**Task directions**.
Pictures must be kept out of the copy. Every entry is to be duplicated exactly.

[Free-text object descriptions]
_ _ _ _ _ _ _

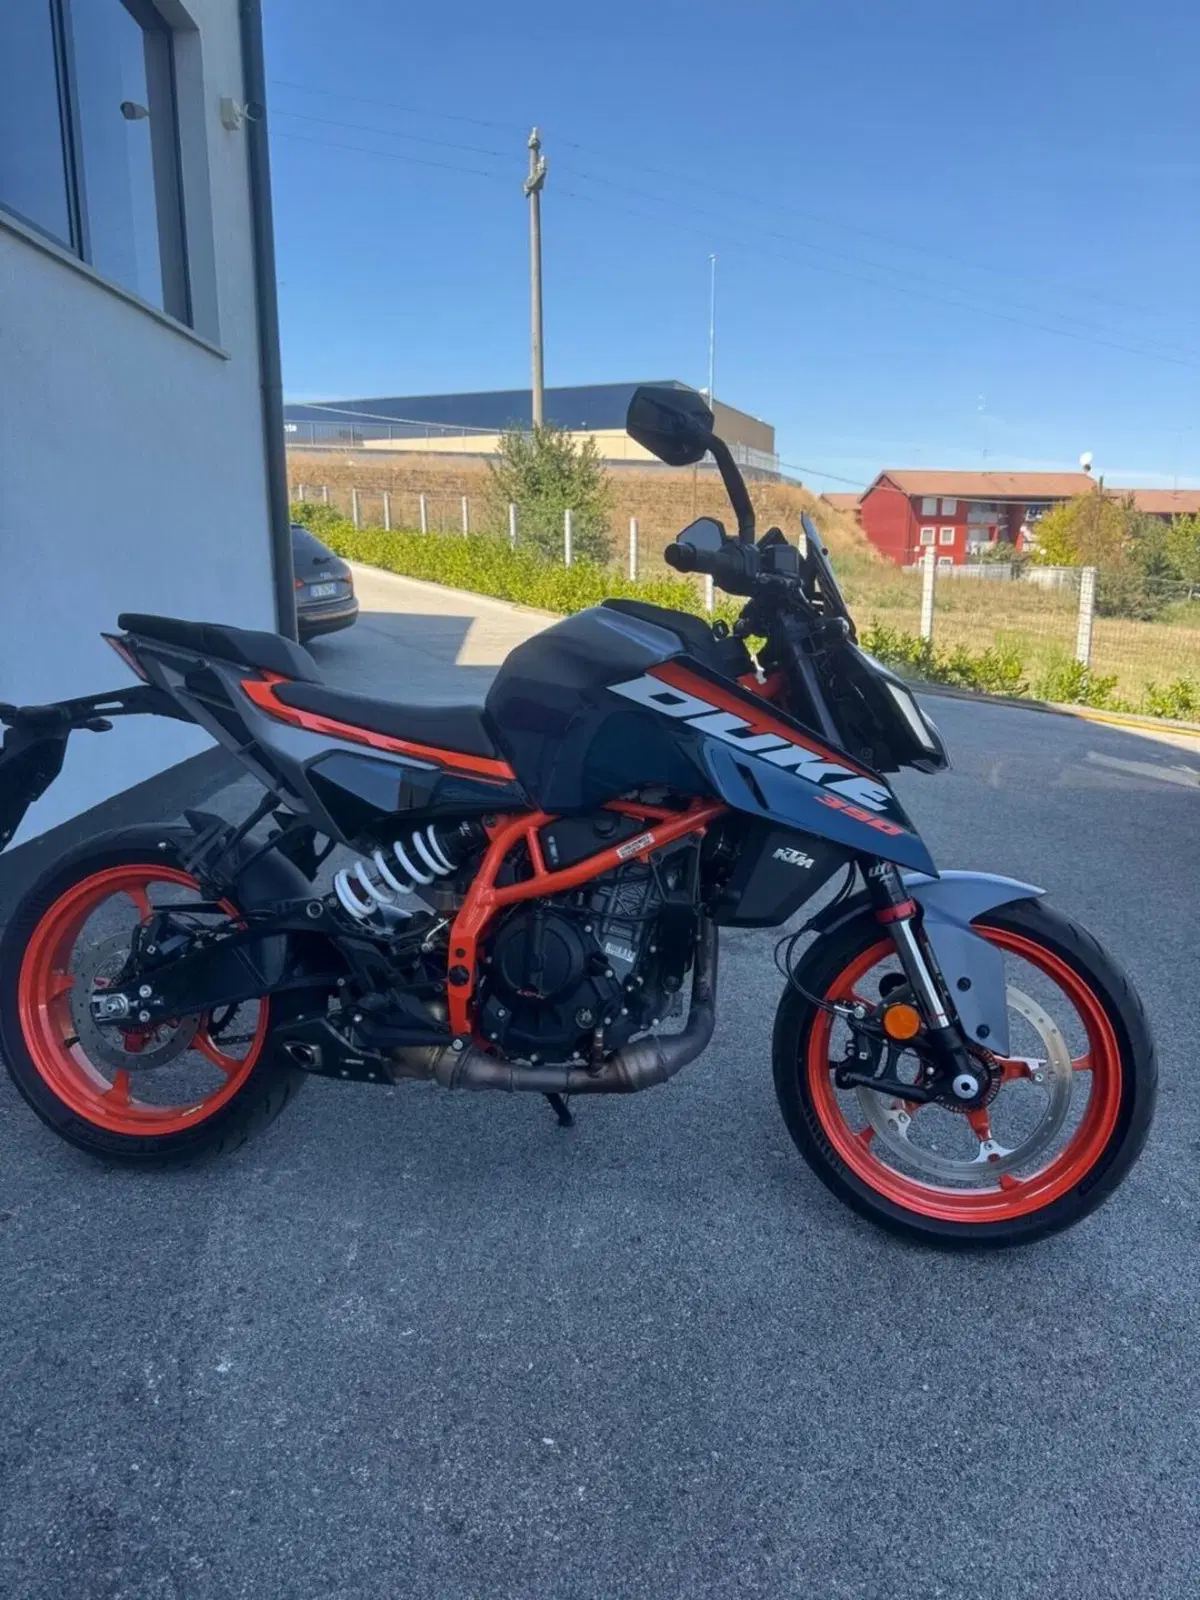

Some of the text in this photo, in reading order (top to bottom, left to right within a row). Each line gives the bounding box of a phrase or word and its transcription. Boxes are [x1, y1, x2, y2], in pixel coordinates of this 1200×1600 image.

[606, 674, 892, 811] DUKE
[814, 795, 904, 835] 390
[772, 847, 815, 868] KTM
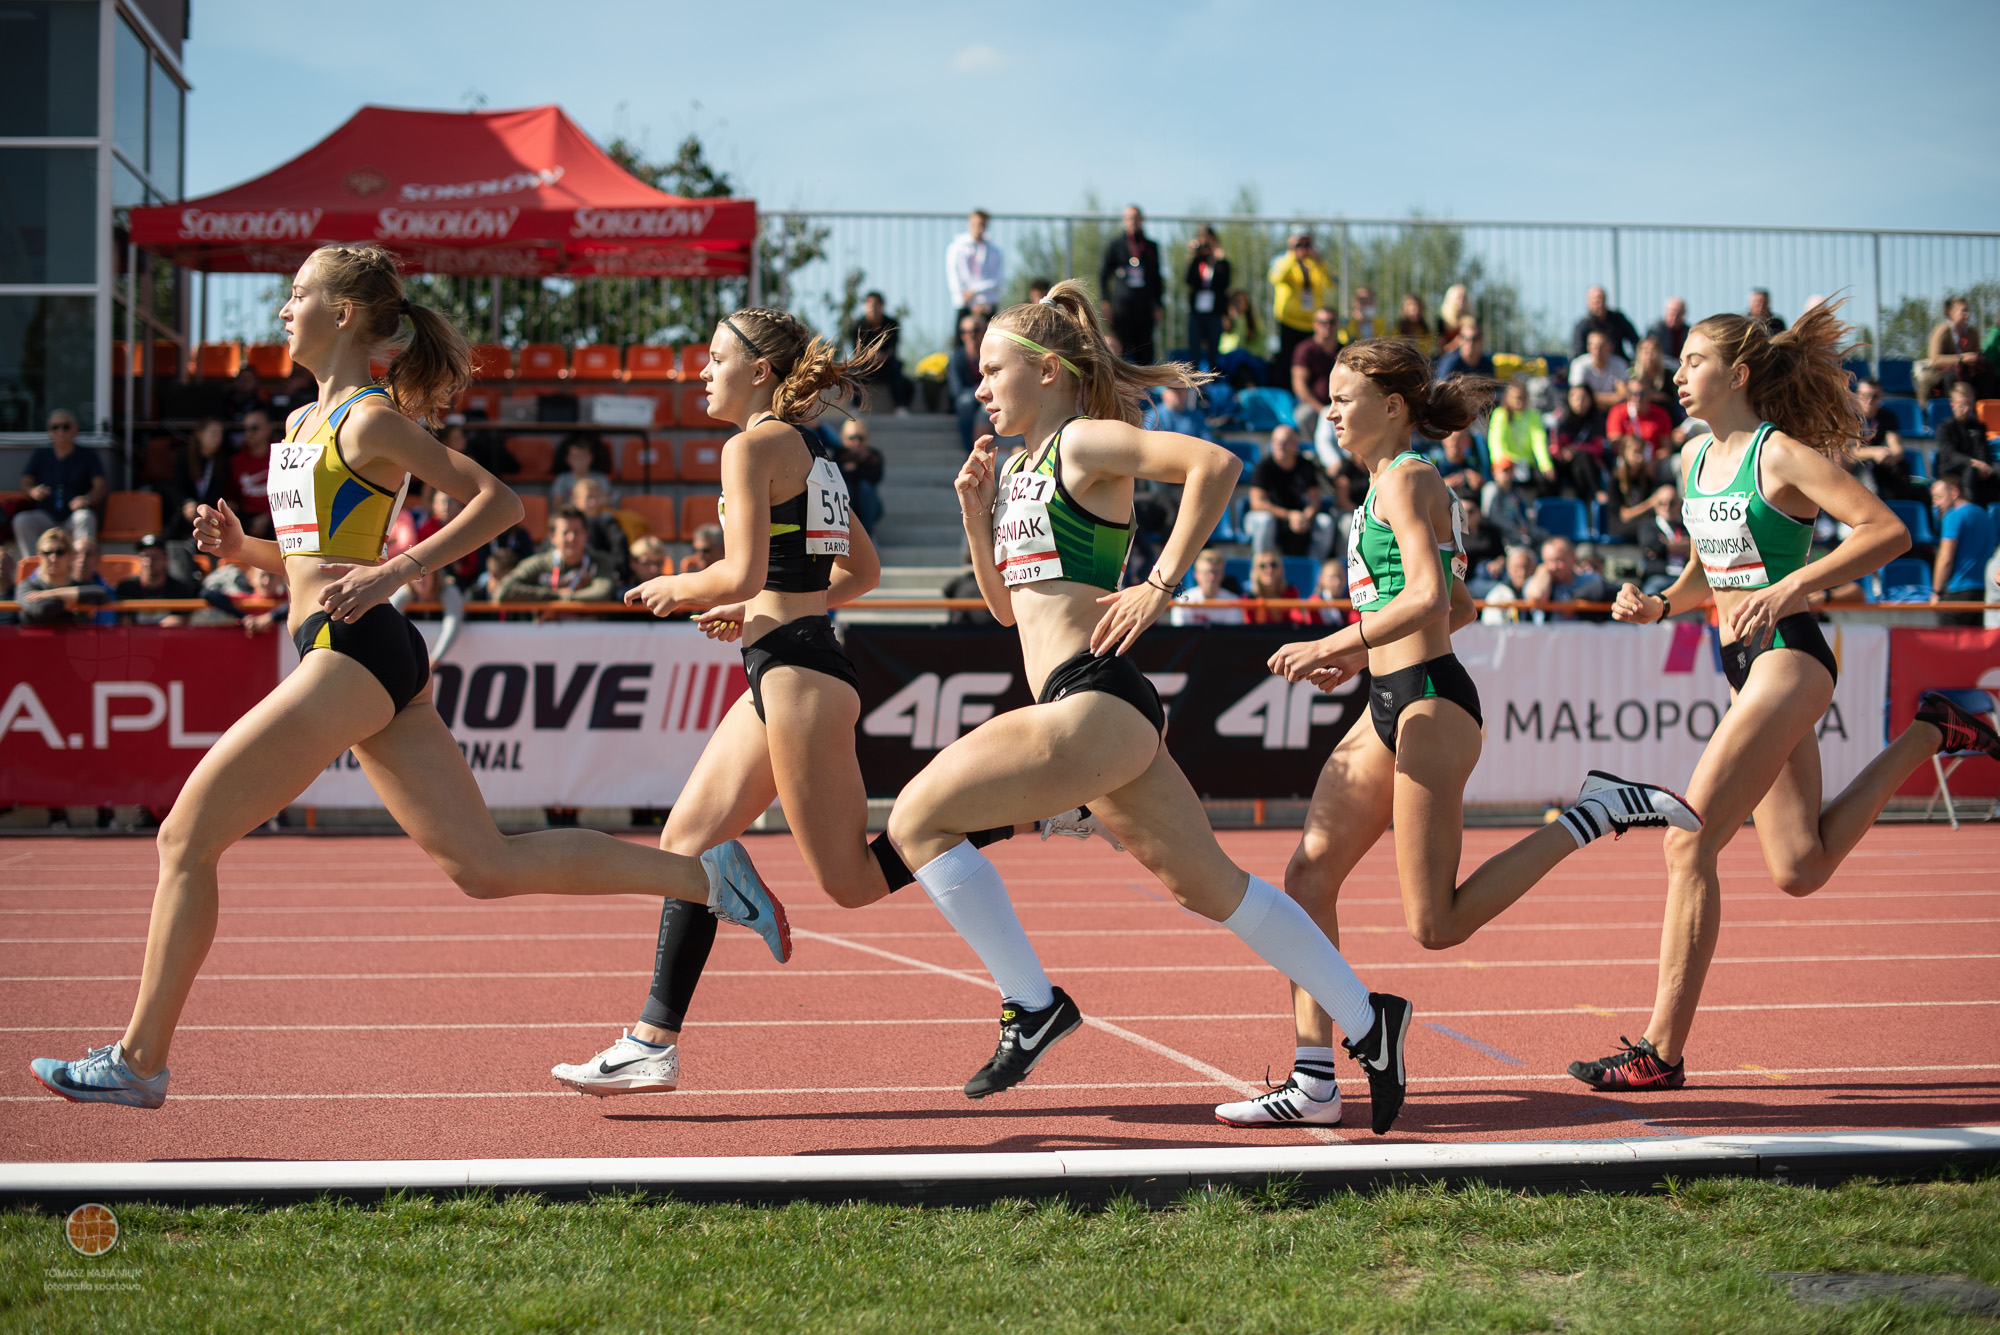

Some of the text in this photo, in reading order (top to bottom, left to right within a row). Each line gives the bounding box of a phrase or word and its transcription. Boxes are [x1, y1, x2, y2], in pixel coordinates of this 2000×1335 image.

[374, 205, 520, 239] SOKOŁÓW
[280, 446, 319, 471] 327
[1011, 477, 1047, 502] 621
[821, 489, 850, 528] 515
[1709, 501, 1742, 522] 656
[1019, 565, 1041, 580] 2019
[1728, 573, 1751, 586] 2019
[432, 663, 655, 731] OVE
[862, 671, 1014, 749] 4F
[1214, 671, 1363, 749] 4F
[1504, 699, 1849, 742] MAŁOPOA

_ _ _ _ _ _ _

**Output for this task**.
Some of the text in this photo, in reading order (top to bottom, left to right within a row). Each line gives the bounding box of a phrase or word and its transcription. Boxes are [x1, y1, x2, y2], in pixel coordinates of this 1200×1600 image.

[606, 674, 892, 811] DUKE
[814, 795, 904, 835] 390
[772, 847, 815, 868] KTM

Some of the text in this photo, in reading order (top to bottom, left to right within a row). Each line gives the bounding box of a phrase or word and its transcription. Boxes are [x1, y1, x2, y2], in pixel coordinates of this 2000×1335 image.

[374, 205, 520, 239] SOKOŁÓW
[280, 446, 319, 471] 327
[1011, 477, 1047, 502] 621
[821, 489, 850, 528] 515
[1709, 501, 1742, 522] 656
[1019, 565, 1041, 580] 2019
[1728, 573, 1751, 586] 2019
[432, 663, 655, 731] OVE
[862, 671, 1014, 749] 4F
[1214, 671, 1363, 749] 4F
[1504, 699, 1849, 742] MAŁOPOA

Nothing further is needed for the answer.